A mast failed and damaged some sail rigging on 27 November. The timing and circumstances were regarded as suspicious by Captain Mackenzie, and Cromwell, the largest man on the crew, was questioned about his alleged meetings with Spencer. Cromwell said: "It was not me, sir – it was Small." Small was questioned and admitted that he and Spencer had met in secret. Both Cromwell and Small joined Spencer in being restrained on the quarterdeck. On 28 November, the wardroom steward, Henry Waltham, was flogged for having stolen brandy for Spencer; Captain Mackenzie then summoned the crew and revealed what he claimed was a plot by Spencer to have them murdered. Waltham was flogged again on 29 November for asking a sailor to steal three bottles of wine. Sailmaker's Mate Charles A. Wilson was caught attempting to break into the ship's armory that afternoon, and two crewmen, McKinley and Green, missed muster when their watch was called at midnight.

==Execution==
Four more men were restrained on the morning of 30 November: Wilson, McKinley, Green, and Cromwell's friend, Alexander McKie. Captain Mackenzie then consulted with the four wardroom officers (First Lieutenant Gansevoort, Passed Assistant Surgeon L.W. Leecock, Purser Heiskell, and Acting Sailing Master M.C. Perry) and three oldest midshipmen (Henry Rodgers, Egbert Thompson, and Charles W. Hayes), asking their opinion as to the best course of action. The seven convened in the wardroom to interview members of the crew.
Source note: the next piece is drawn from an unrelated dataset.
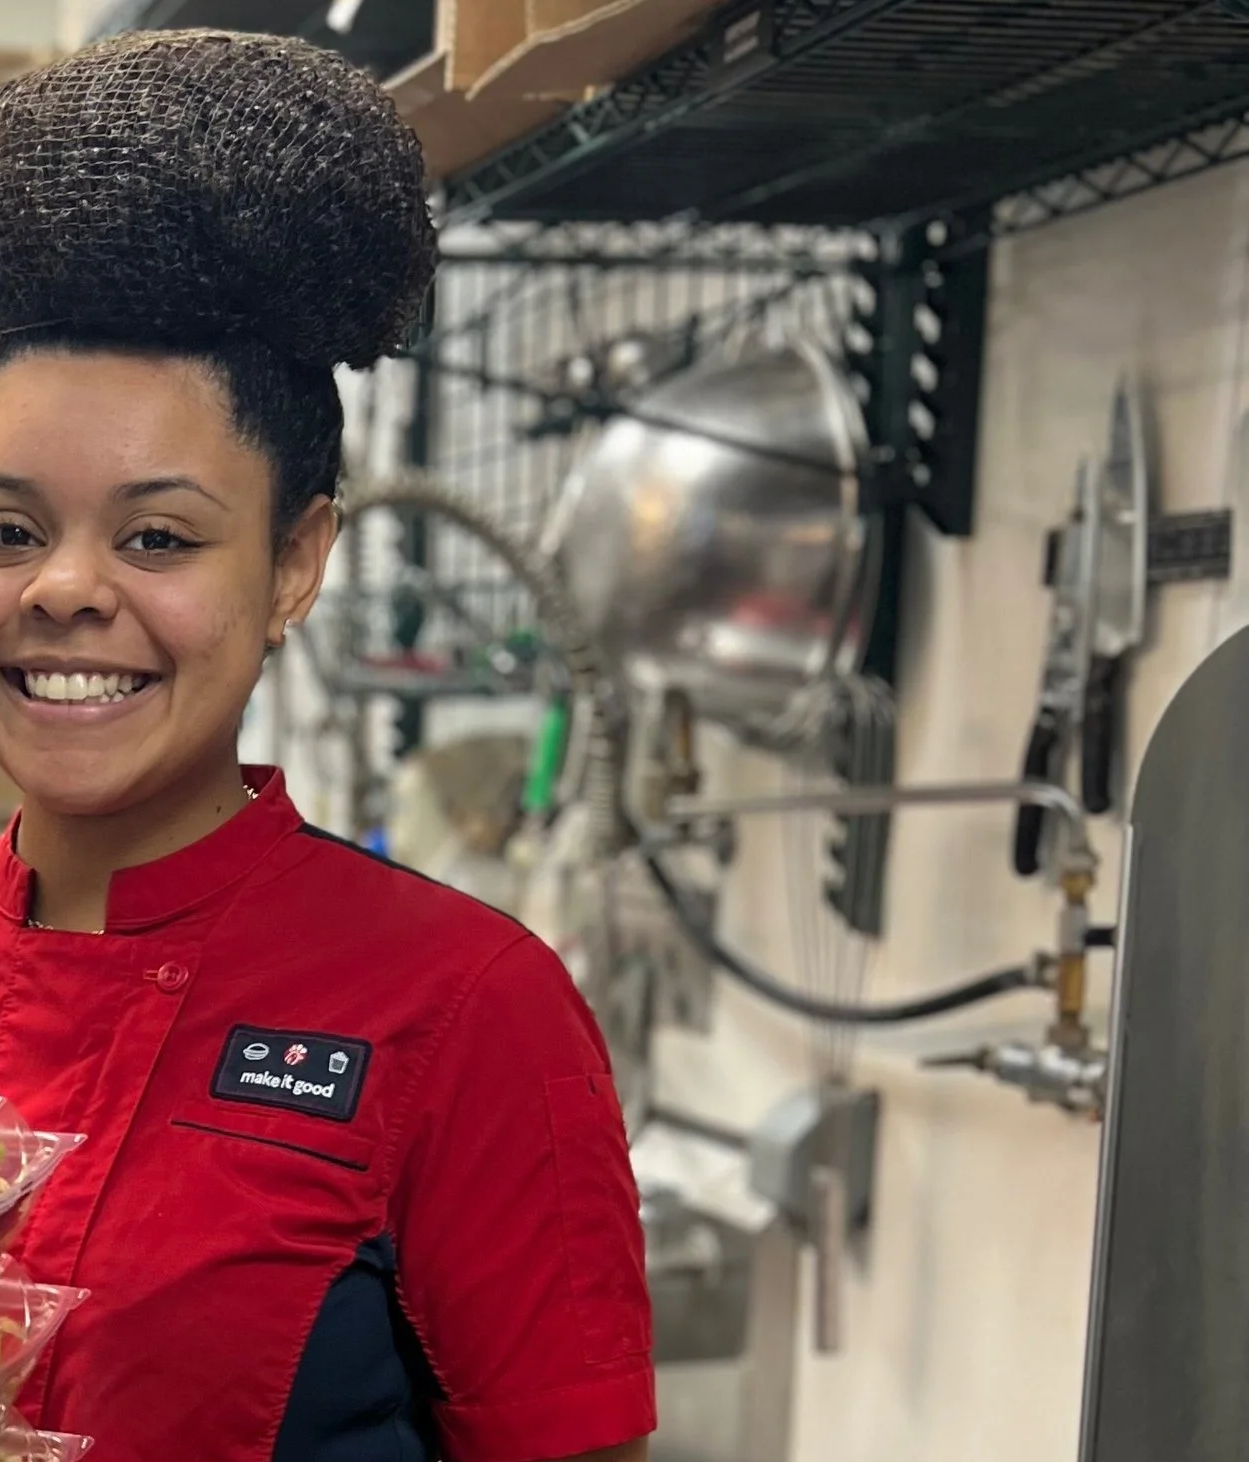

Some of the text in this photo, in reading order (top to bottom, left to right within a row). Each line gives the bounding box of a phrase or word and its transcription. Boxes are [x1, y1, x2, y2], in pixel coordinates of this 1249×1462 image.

[240, 1071, 335, 1098] make it good
On 1 December, the officers reported that they had "come to a cool, decided, and unanimous opinion" that Spencer, Cromwell, and Small were "guilty of a full and determined intention to commit a mutiny;" and recommended that the three be summarily executed. Spencer further stated that the accused conspirators "had been pretending piracy". Different accounts state that the captain “badgered” the officers to quickly convict the accused. The three men were hanged that day and buried at sea. In response to others stating that they were only thirteen days to home port and could have just waited to try them at shore, the captain noted the fatigue of his officers, the smallness of the vessel, and the inadequacies of the shipboard confinement to justify the executions.

==Aftermath==
Somers docked at St. Thomas for resupply on 5 December and returned to New York on 14 December. She remained there during a naval court of inquiry which investigated the alleged mutiny and subsequent executions. The court exonerated Mackenzie, as did a subsequent court-martial, held at his request to avoid a trial in civil court. Nevertheless, the general populace remained skeptical. President John Tyler respected the verdict, but ordered that Mackenzie's record state that he was not "honorably acquitted", but that instead the allegations were "not proven."
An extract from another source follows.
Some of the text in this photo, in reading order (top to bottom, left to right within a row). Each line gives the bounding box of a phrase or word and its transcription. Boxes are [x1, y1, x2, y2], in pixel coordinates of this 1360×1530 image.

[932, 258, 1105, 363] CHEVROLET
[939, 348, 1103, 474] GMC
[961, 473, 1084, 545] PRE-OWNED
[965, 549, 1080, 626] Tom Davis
No charges were brought against the other alleged mutineers, who were quietly released. Mackenzie remained on active service until his death from heart disease several years later, while Lt. Gansevoort became a captain in his own right and was promoted to the rank of Commodore during the Mexican American War. Thirty-five of the new apprentices later deserted the Somers while she was in port, and the apprentice system, which the brig was intended to establish, was abandoned. Instead, the United States Naval Academy was founded in 1845 to oversee the training of new personnel.